Earlier in our conversation, Taylor pulled out an older Lenovo ThinkPad with a Brazos APU inside. "We dominate this category with Brazos — this is what the netbook became." The point he's trying to make is this: like netbooks, there's something about the ultrathin laptop that's compelling, but he doesn't believe that Intel's requirements, and the prices they lead to, make sense for the market. "$399 to $499, $499 to $599, even $299 to $399, where our E-Series, and Intel's Pentium and Celeron are: the volumes are there," Taylor says. "They disappear by the time you get to $899, and then they all go to Apple."
When it comes to the ultrabook, AMD is hoping for a similar sort of victory. Taylor likens Intel's ultrabooks to the foot soldiers at the head of an army, blindly charging forward: "They run in first and just get wiped out. They get slaughtered. The wave we're in with ultrabooks right now, there's going to be a lot of fallout.
"They run in first and just get wiped out." We're maybe positioned as the cavalry, right behind that, who can come in with a little better coordinated attack."
What kind of steed could AMD possibly ride in with, though, when its chips are seen as cheap, and when the company seems perfectly happy to pitch them as the low-cost alternative? If a laptop manufacturer chooses AMD in order to build a more profitable laptop, it's hard to expect that same manufacturer to then spend that money on the better screen. Taylor told me that the industry will probably trend towards higher quality as soon as economies of scale are reached, but that could be a ways away: Intel's partners at least appear to be building laptops that people want to buy today.
And what of ARM, which is seen as the low-cost alternative to x86 as a whole, and will compete for the same price points that AMD is targeting?
"We actually believe that anything that disrupts the status quo is very positive for AMD."
Interestingly, Taylor says Intel has more to lose than AMD does. "We actually believe that anything that disrupts the status quo is very positive for AMD. If you think about the ARM value proposition and the things that are implied in the question that ARM could come in and be a meaningful player where people formerly bought PCs, means that right away you jump to an assumption that they have rejected the Intel CPU-centric value proposition."
Of course, the status quo doesn't get dismantled all at once, but Taylor insists that given Intel's dominant market share of 80 percent, it's not AMD that should be worried. When push comes to shove, AMD has and will have better battery life and graphics than Intel at lower price points, he claims, and yet runs the legacy desktop software that ARM cannot.

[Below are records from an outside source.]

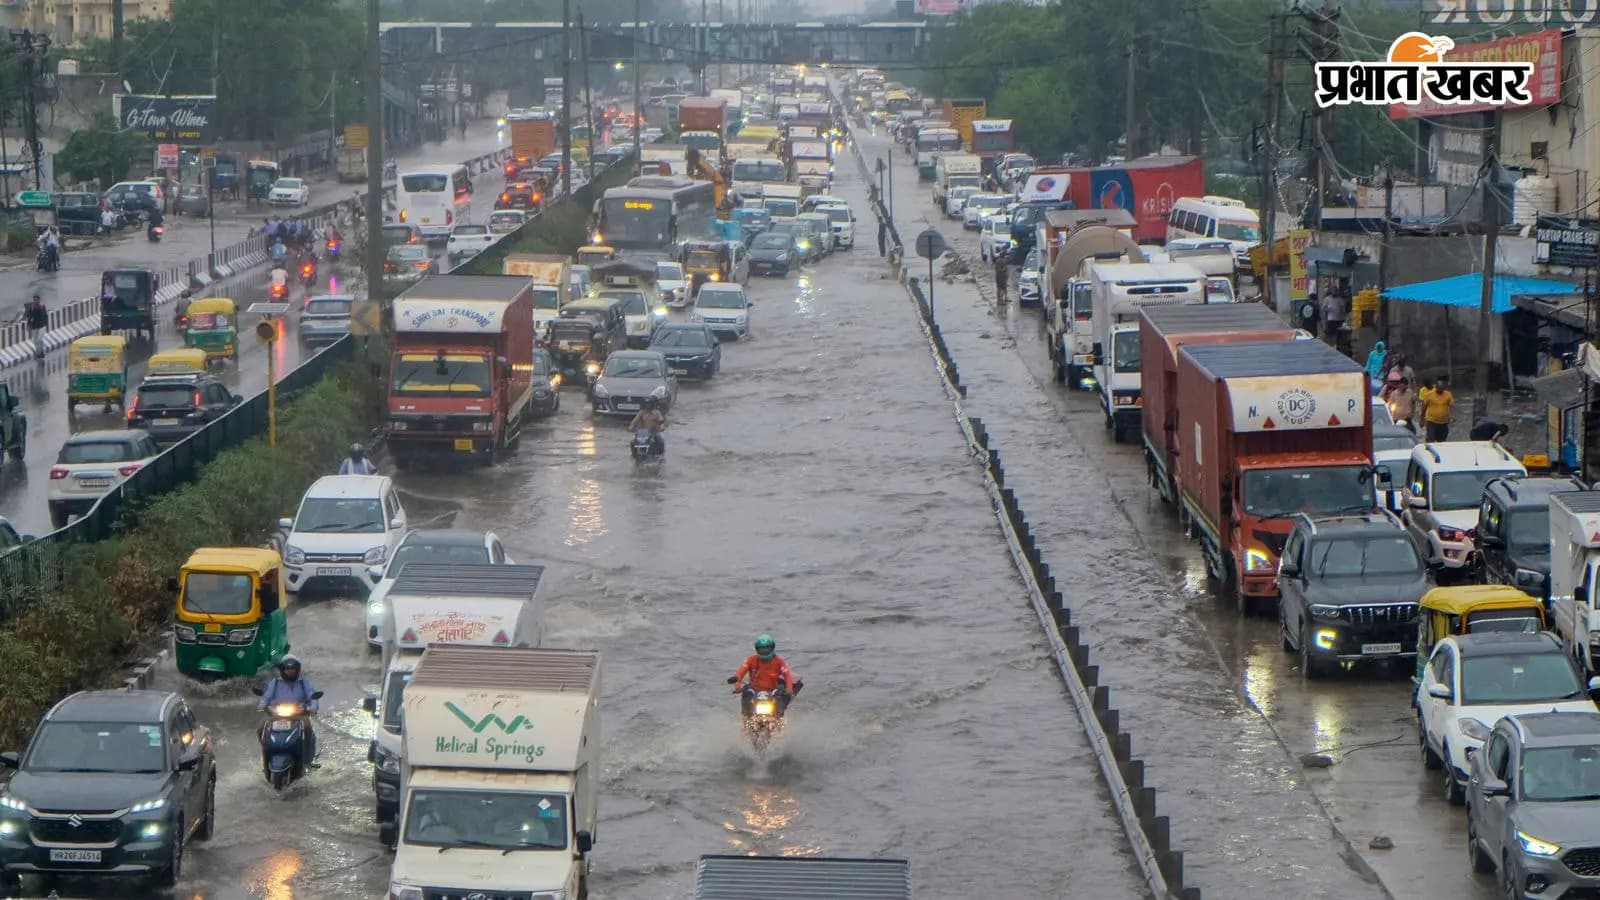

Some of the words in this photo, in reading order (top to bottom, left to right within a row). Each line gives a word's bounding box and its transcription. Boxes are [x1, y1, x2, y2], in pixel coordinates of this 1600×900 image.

[169, 108, 208, 127] Wines
[1289, 399, 1305, 411] DC
[436, 735, 478, 753] Helical
[485, 736, 545, 763] Springs
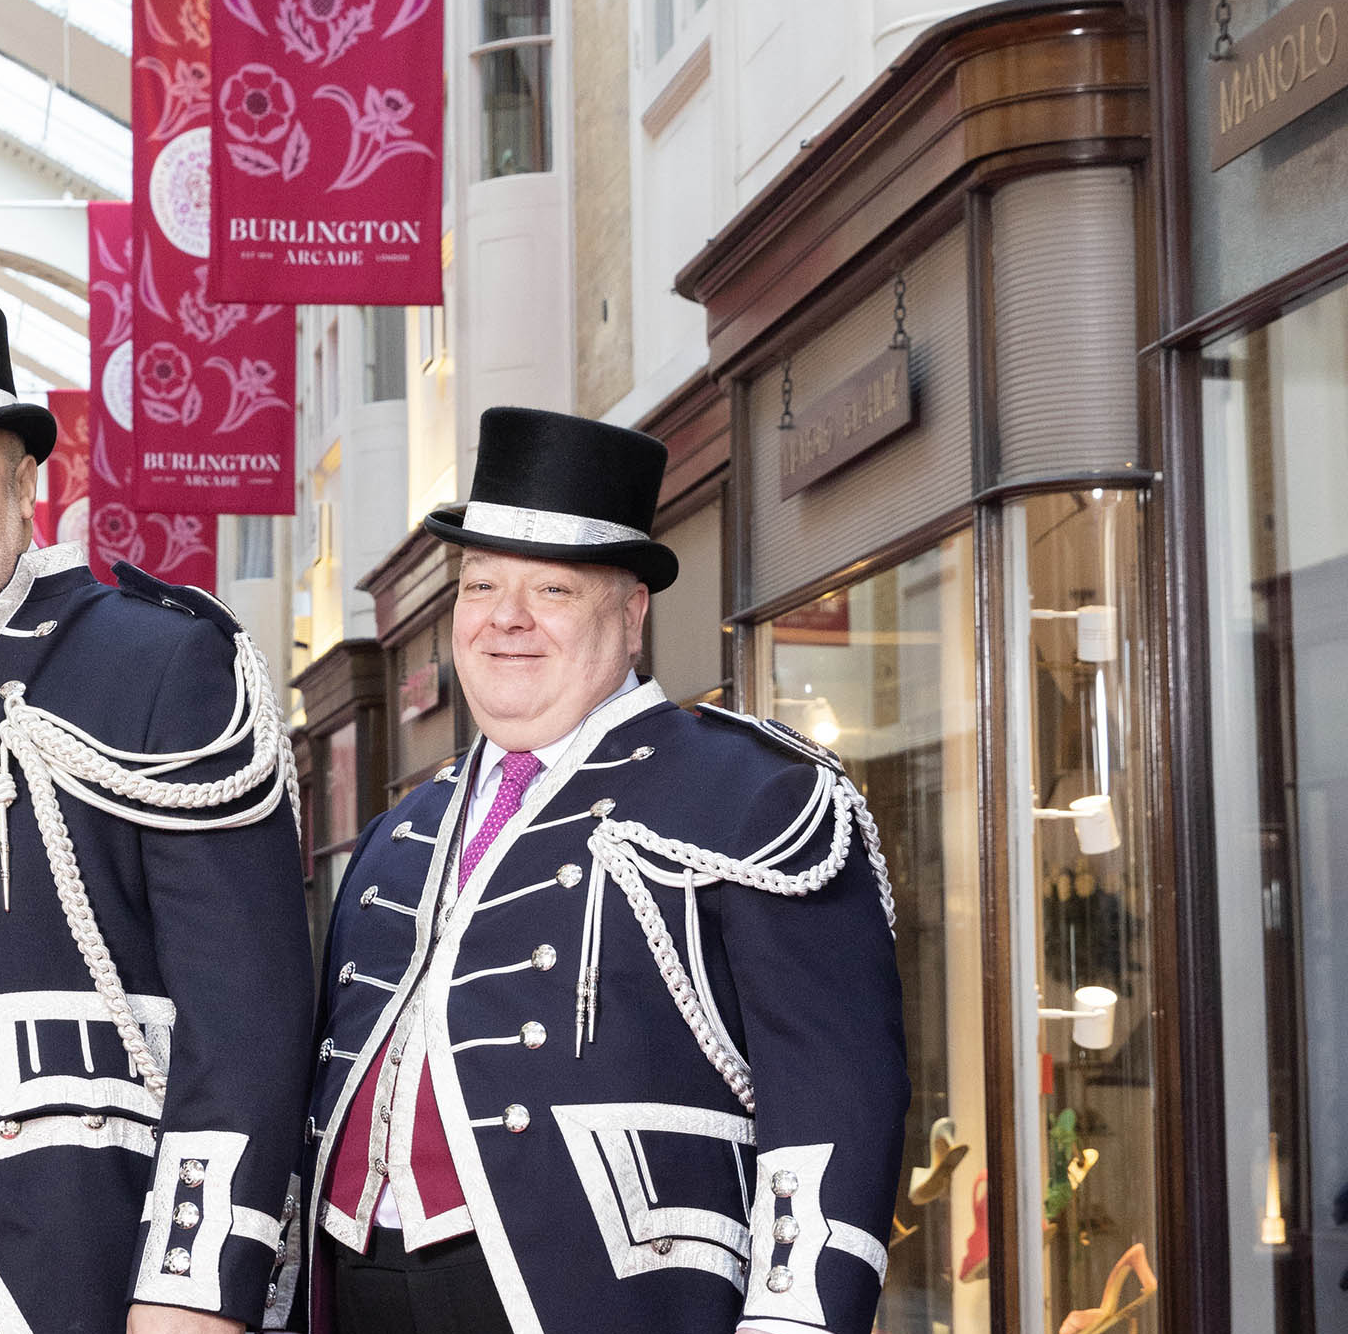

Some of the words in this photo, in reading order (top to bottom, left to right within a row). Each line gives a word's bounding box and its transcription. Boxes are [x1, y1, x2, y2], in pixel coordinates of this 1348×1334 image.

[1219, 6, 1338, 135] MANOLO
[229, 218, 421, 244] BURLINGTON
[283, 248, 364, 266] ARCADE
[143, 452, 281, 472] BURLINGTON
[183, 474, 240, 487] ARCADE
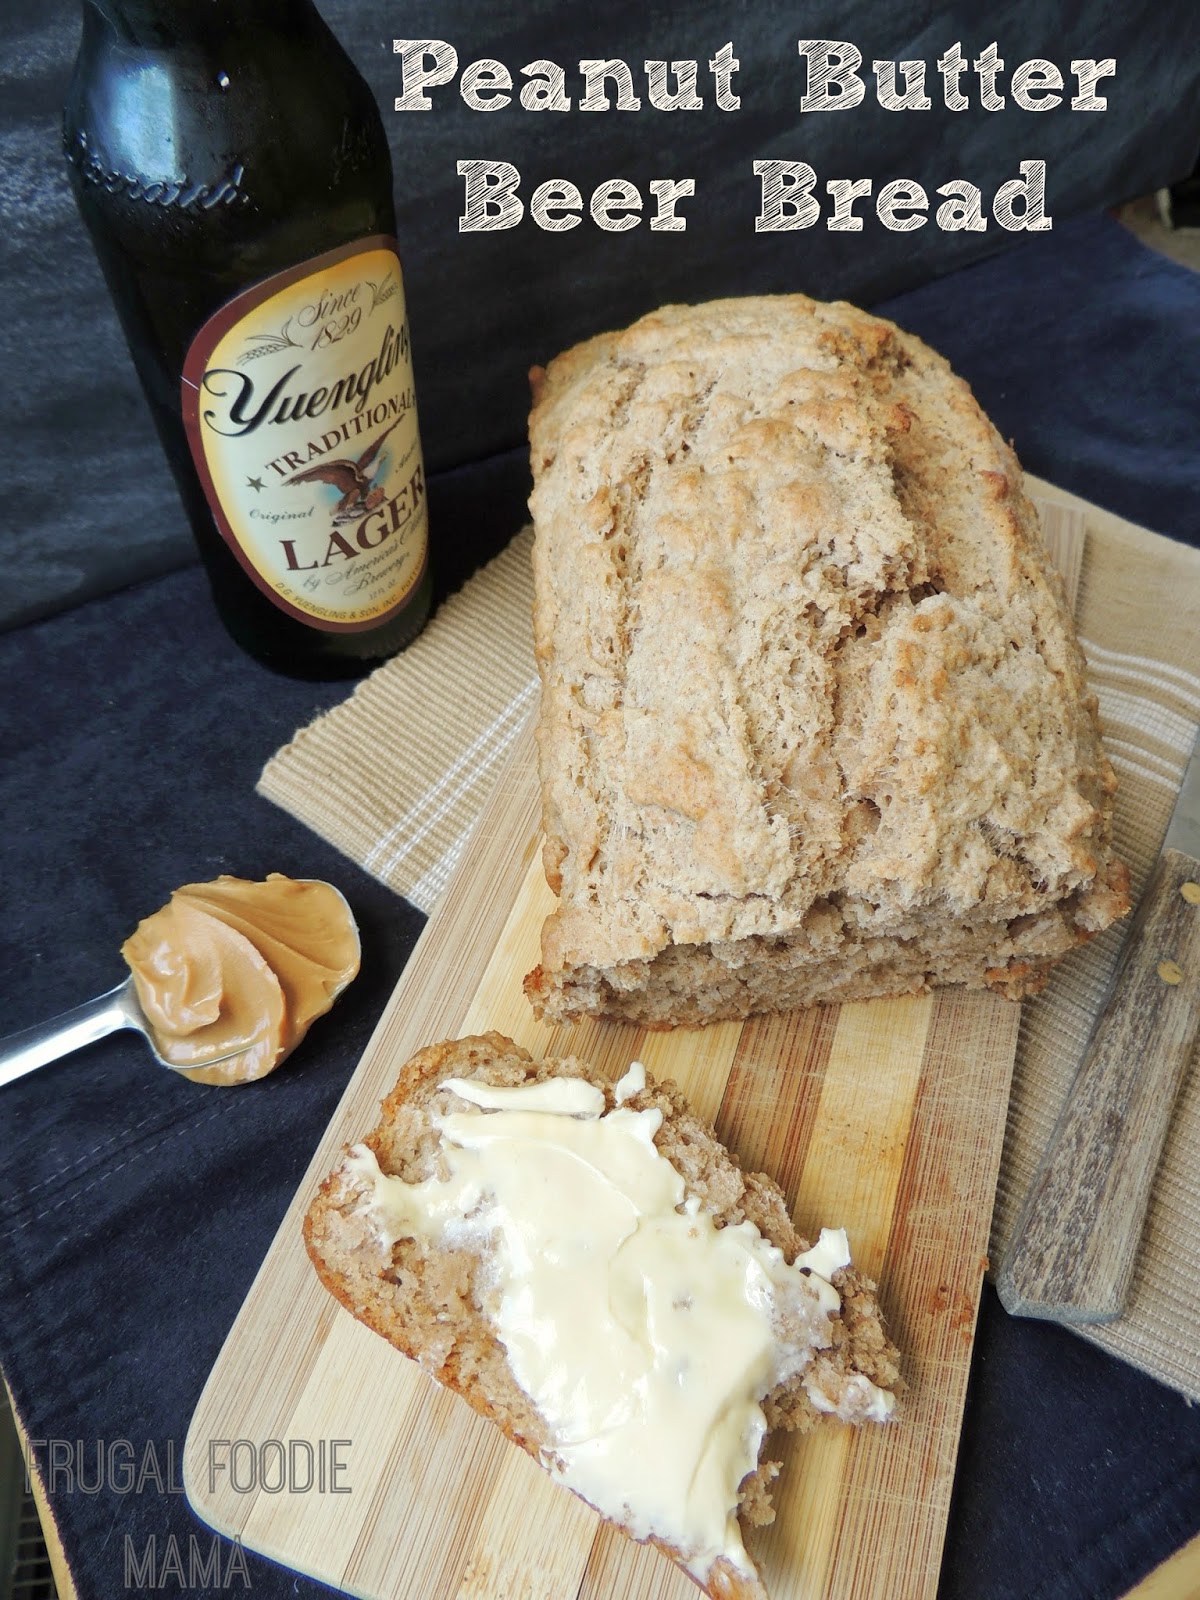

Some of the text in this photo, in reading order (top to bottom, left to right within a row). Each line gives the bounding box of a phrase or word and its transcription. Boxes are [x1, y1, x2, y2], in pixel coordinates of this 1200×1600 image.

[298, 283, 361, 327] Since
[311, 306, 362, 351] 1829
[265, 387, 411, 477] TRADITIONAL
[249, 506, 315, 525] Original

If you believe Taylor, AMD isn't pinched between ARM and Intel so much as neatly sandwiched on either side.
If you ask me, AMD's rock and hard place is this: the company is caught between computer manufacturers' reluctance to put their chips into truly premium laptops, and its own seeming unwillingness to push for notebooks that deliver the very best.
Either way, AMD isn't necessarily headed for oblivion, even though the financials haven't been great. After all, the company has other sources of revenue and the possibility of branching beyond x86. It's just that when it comes to the laptop space, Intel seems to be slowly scaling the mountain on the OEMs' back, while AMD seems to be hoping that a particularly generous porter happens by with a comfortable walking stick.